Raporda, Afganistan'da 3 bin 500 ile 4 bin 500 arasında DEAŞ mensubunun bulunduğu ve bu sayıların giderek artığı belirtildi.
Libya'da ise 3 bin ile 4 bin DEAŞ mensubunun olduğunun tahmin edildiği ifade edilen raporda, ''Suriye ve Irak'ta 20-30 bin civarında DEAŞ mensubunun olduğu tahmin ediliyor'' bilgisine yer verildi.
Terör örgütü DEAŞ'ın Suriye'nin doğusunda hala direnç gösterdiği belirtilen raporda, örgütün, Suriye'de hala saldırılar düzenleyebileceği, Irak'ta ise kontrol ettiği bölgeler olmamasına rağmen çölde ve başka yerlerde saklanan ''uyuyan hücreleri'' olduğu kaydedildi.

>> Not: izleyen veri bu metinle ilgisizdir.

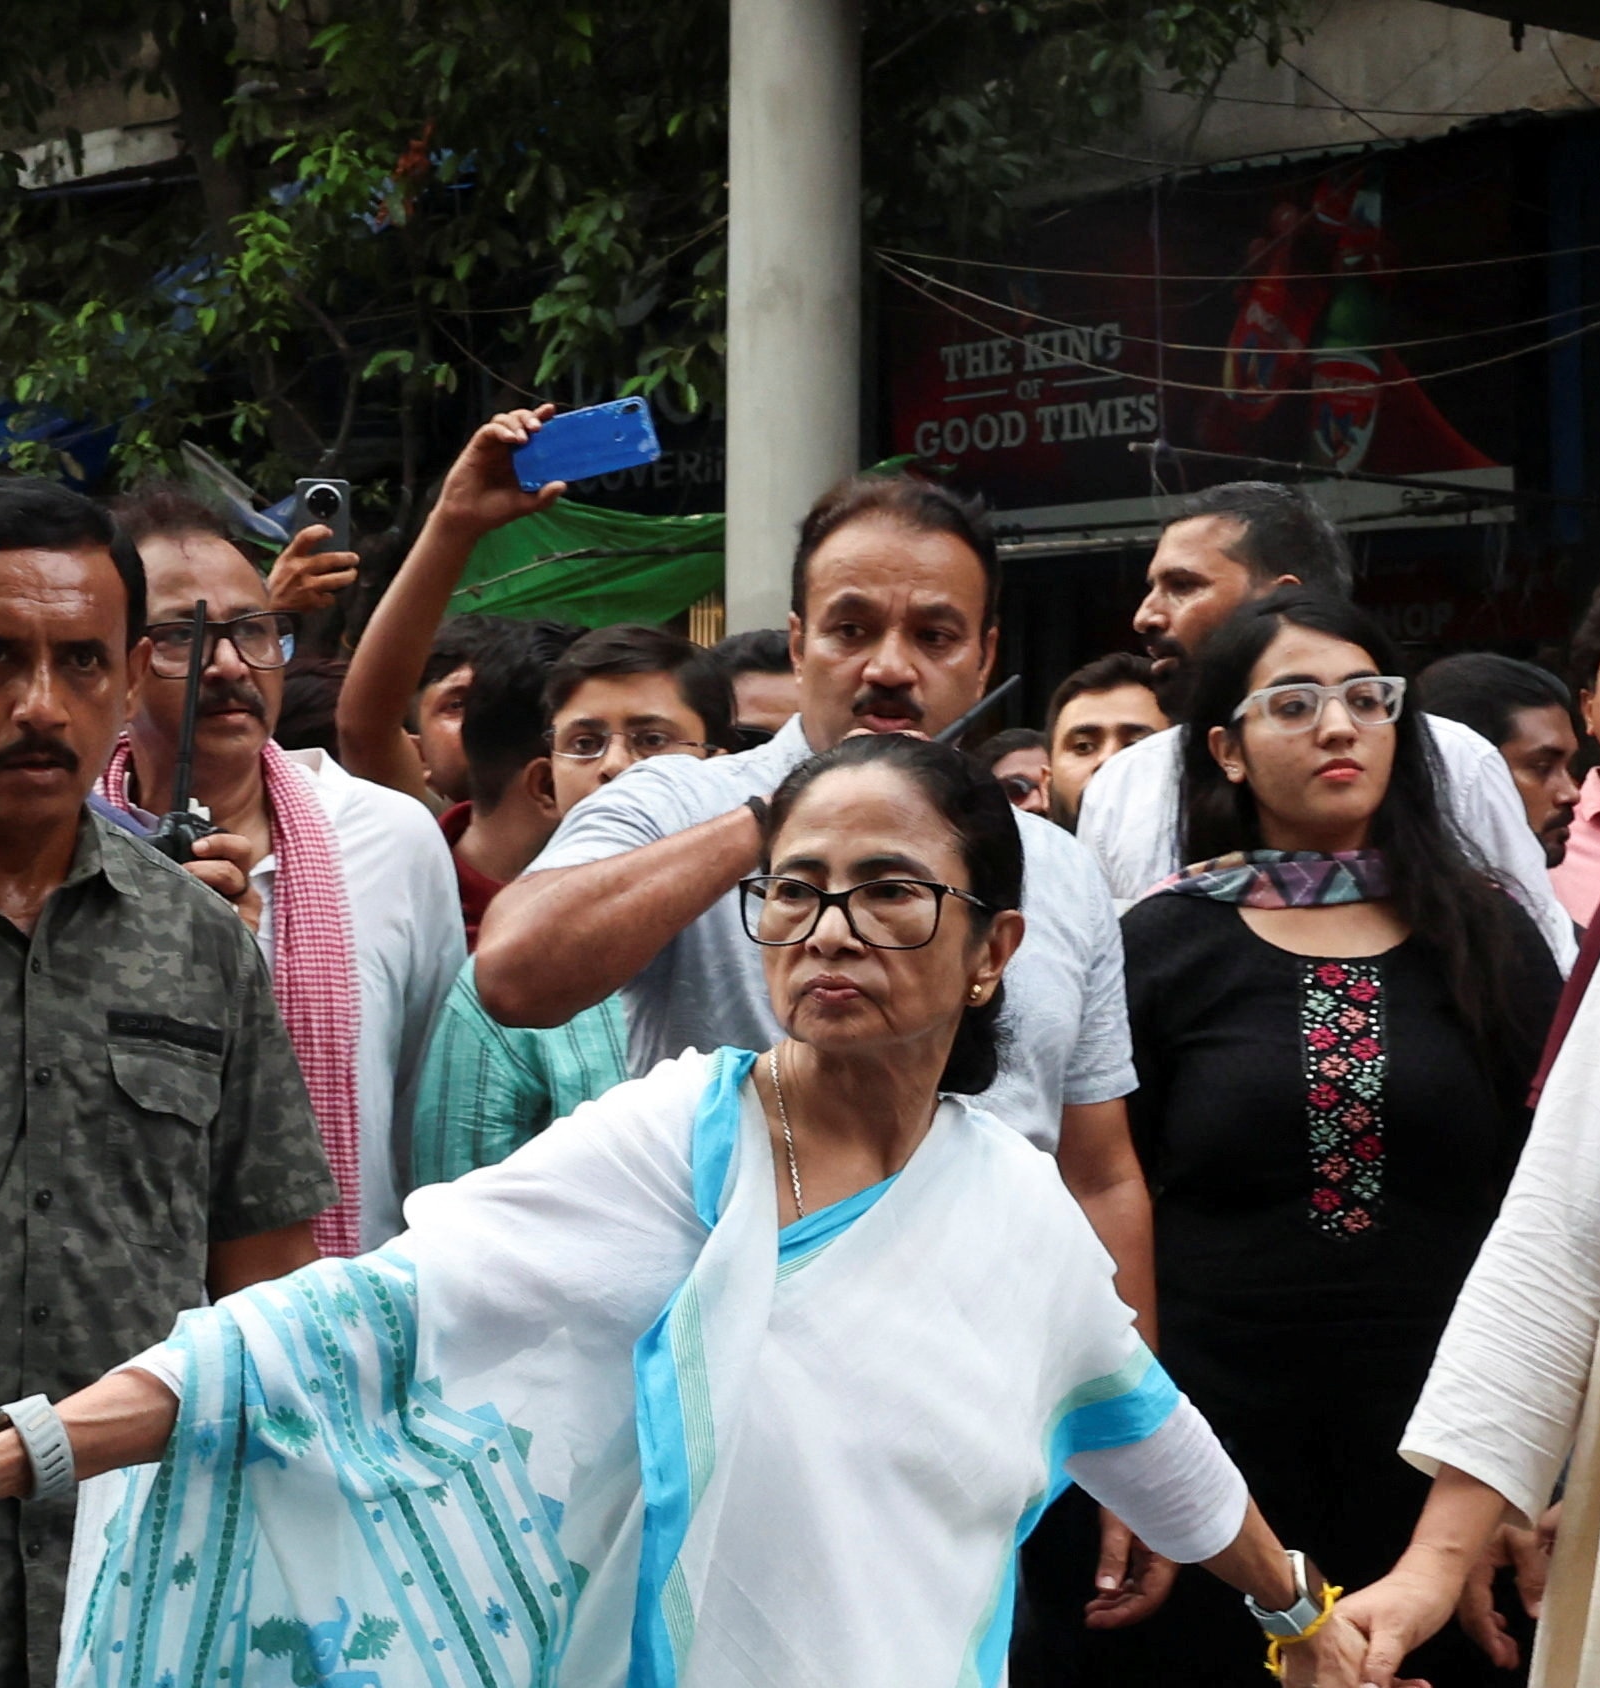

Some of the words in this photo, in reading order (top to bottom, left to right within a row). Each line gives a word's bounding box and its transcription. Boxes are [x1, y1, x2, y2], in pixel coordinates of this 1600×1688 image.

[939, 338, 1014, 383] THE
[1023, 322, 1123, 372] KING
[1016, 378, 1045, 401] OF
[914, 409, 1027, 458] GOOD
[1035, 393, 1159, 444] TIMES

''Suriye'de en güçlü örgüt El Nusra Cephesi''
Suriye'nin güneyinde Ürdün sınırında Rukban kampında yaşayan DEAŞ savaşçılarının aileleri arasında ''uyuyan hücreler'' olabileceği uyarısı yapılan raporda, Suriye'de şu an en güçlü örgütün El Nusra Cephesi olabileceği ifade edildi.

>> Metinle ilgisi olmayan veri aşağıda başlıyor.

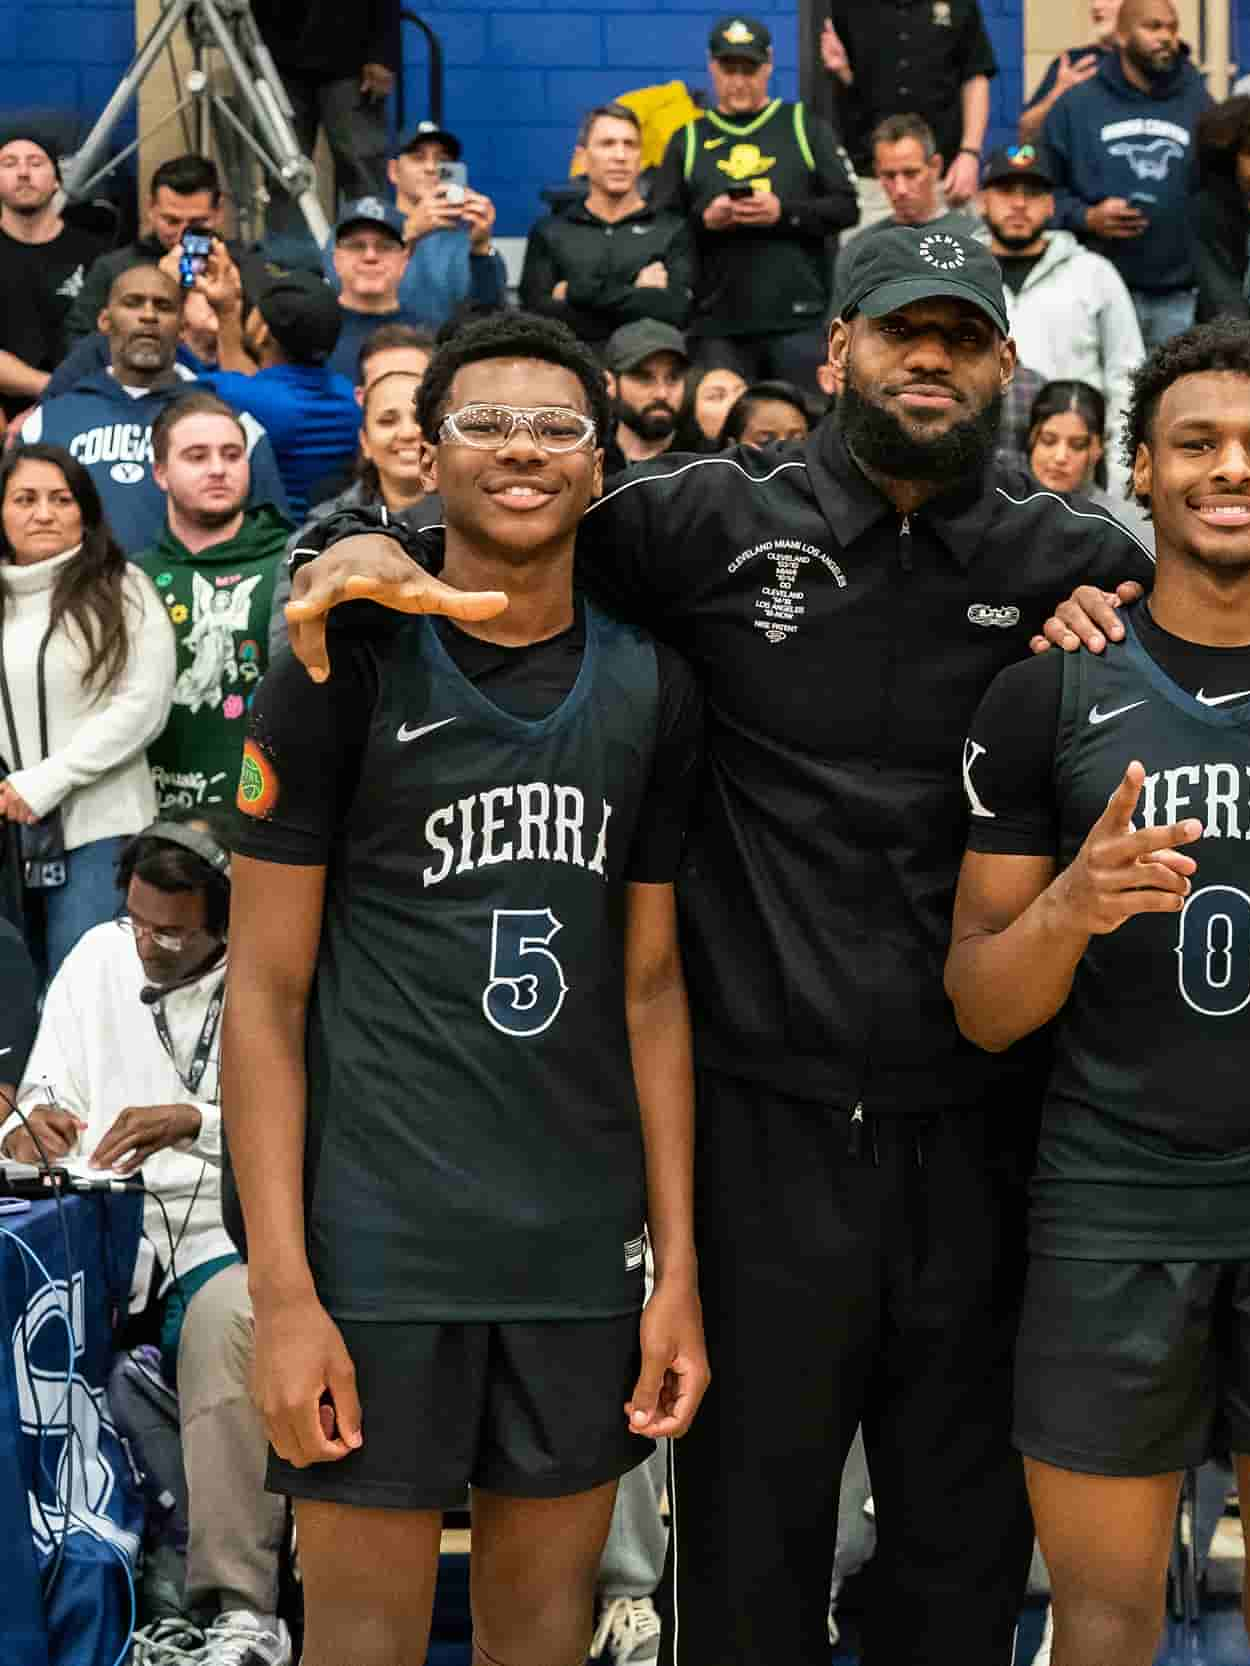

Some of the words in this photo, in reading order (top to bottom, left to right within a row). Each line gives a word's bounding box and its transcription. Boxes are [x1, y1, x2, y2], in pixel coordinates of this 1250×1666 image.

Raporda ayrıca DEAŞ'ın gelir kaynakları kurumasına rağmen Suriye'nin kuzeydoğusunda petrol gelirlerinin bir kısmının örgüte gittiği belirtildi.
'El Kaide, Somali, Yemen ve Sahel'de daha güçlü''
El Kaide terör örgütünün Somali, Yemen, Güney Asya ve Sahel bölgesinde DEAŞ'tan daha güçlü olduğu vurgulanan raporda, örgütün uzun vadede uluslararası güvenliğe DEAŞ'tan daha fazla tehdit teşkil edebileceği uyarısı yapıldı.
Yemen'de de 250 ile 500 DEAŞ mensubunun bulunduğu ancak El-Kaide'nin varlığını daha fazla gösterdiği ülkede 6 bin ile 7 bin savaşçısının bulunduğuna dikkat çekildi.
Sahel bölgesinde ise DEAŞ'ın Mali ve Nijer arasında sınırda aktif olduğu belirtilen raporda, bölgede El-Kaide bağlantılı Jama'at Nusrat al-Islam wal-Muslimin daha fazla etkin olduğu ifade edildi.
Raporda, Somali'de de El-Kaide bağlantılı Eş-Şebab'ın etkin olduğu ancak DEAŞ'ın merkeze ve Somali'nin güneyine doğru genişleme gibi stratejik bir hedefi olduğu kaydedildi.